PROVIDED DATA below:
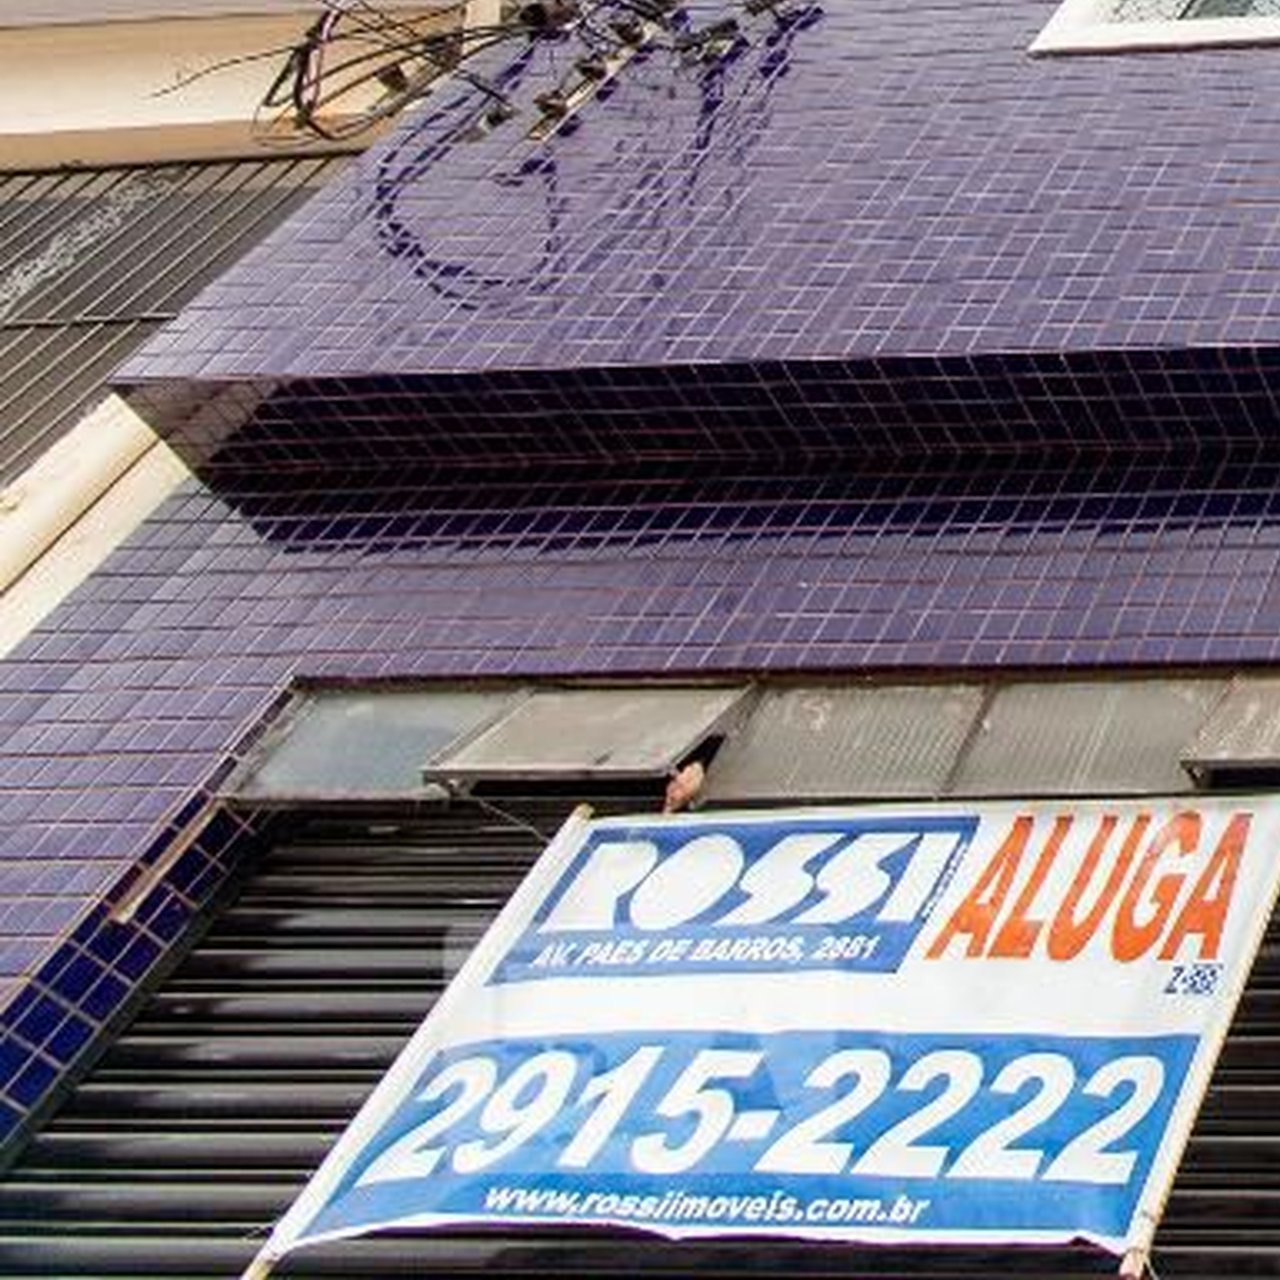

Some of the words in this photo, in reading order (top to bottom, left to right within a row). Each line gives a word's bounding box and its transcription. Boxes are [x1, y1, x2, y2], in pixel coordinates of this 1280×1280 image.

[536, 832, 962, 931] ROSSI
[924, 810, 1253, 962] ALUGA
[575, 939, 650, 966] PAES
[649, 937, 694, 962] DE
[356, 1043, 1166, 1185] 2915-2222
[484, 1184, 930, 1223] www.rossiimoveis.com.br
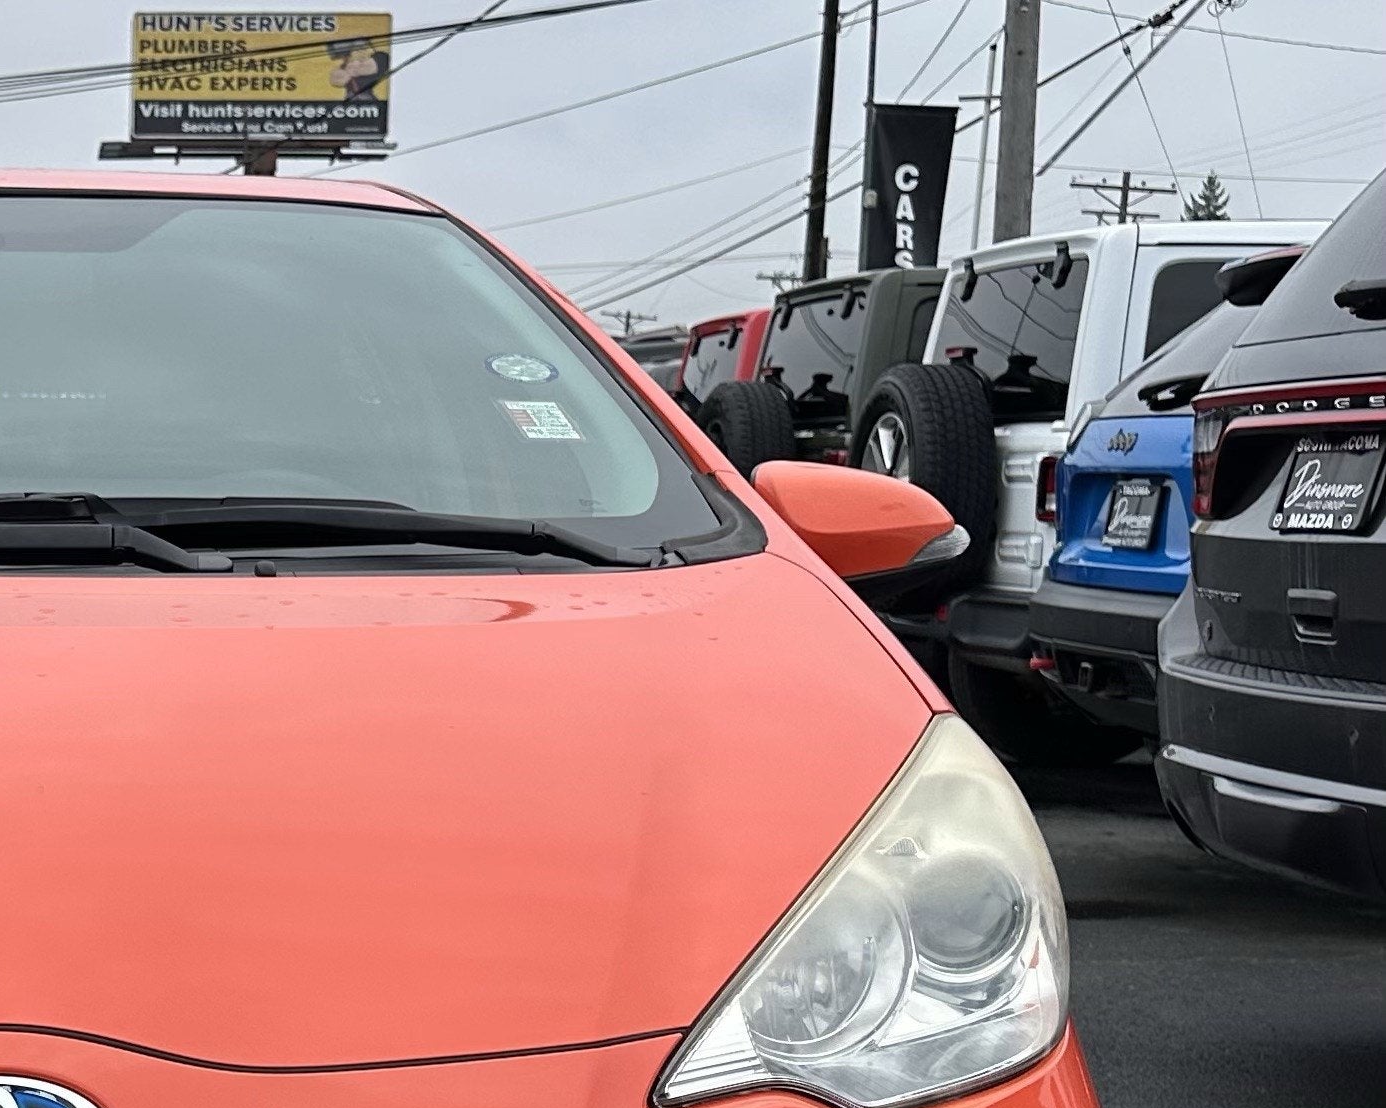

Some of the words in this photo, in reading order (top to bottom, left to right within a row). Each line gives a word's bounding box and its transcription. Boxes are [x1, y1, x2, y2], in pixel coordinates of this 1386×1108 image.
End of PROVIDED DATA.
DIRECTIONS FOR THIS TASK
Give back every entry verbatim. No pictures belong in the copy.

RESULT OF THIS EXERCISE
Some of the words in this photo, in reading order (top to bottom, left to right within a row). Each line gives a word's bounding box and its transcription. Boxes are [x1, y1, x2, y2], in pixel coordinates of this 1280×1280 image.

[536, 832, 962, 931] ROSSI
[924, 810, 1253, 962] ALUGA
[575, 939, 650, 966] PAES
[649, 937, 694, 962] DE
[356, 1043, 1166, 1185] 2915-2222
[484, 1184, 930, 1223] www.rossiimoveis.com.br

Some of the words in this photo, in reading order (top to bottom, left to right within a row). Each line gives a word's bounding box and its transcription. Boxes are [x1, y1, x2, y2], in pixel coordinates of this 1386×1108 image.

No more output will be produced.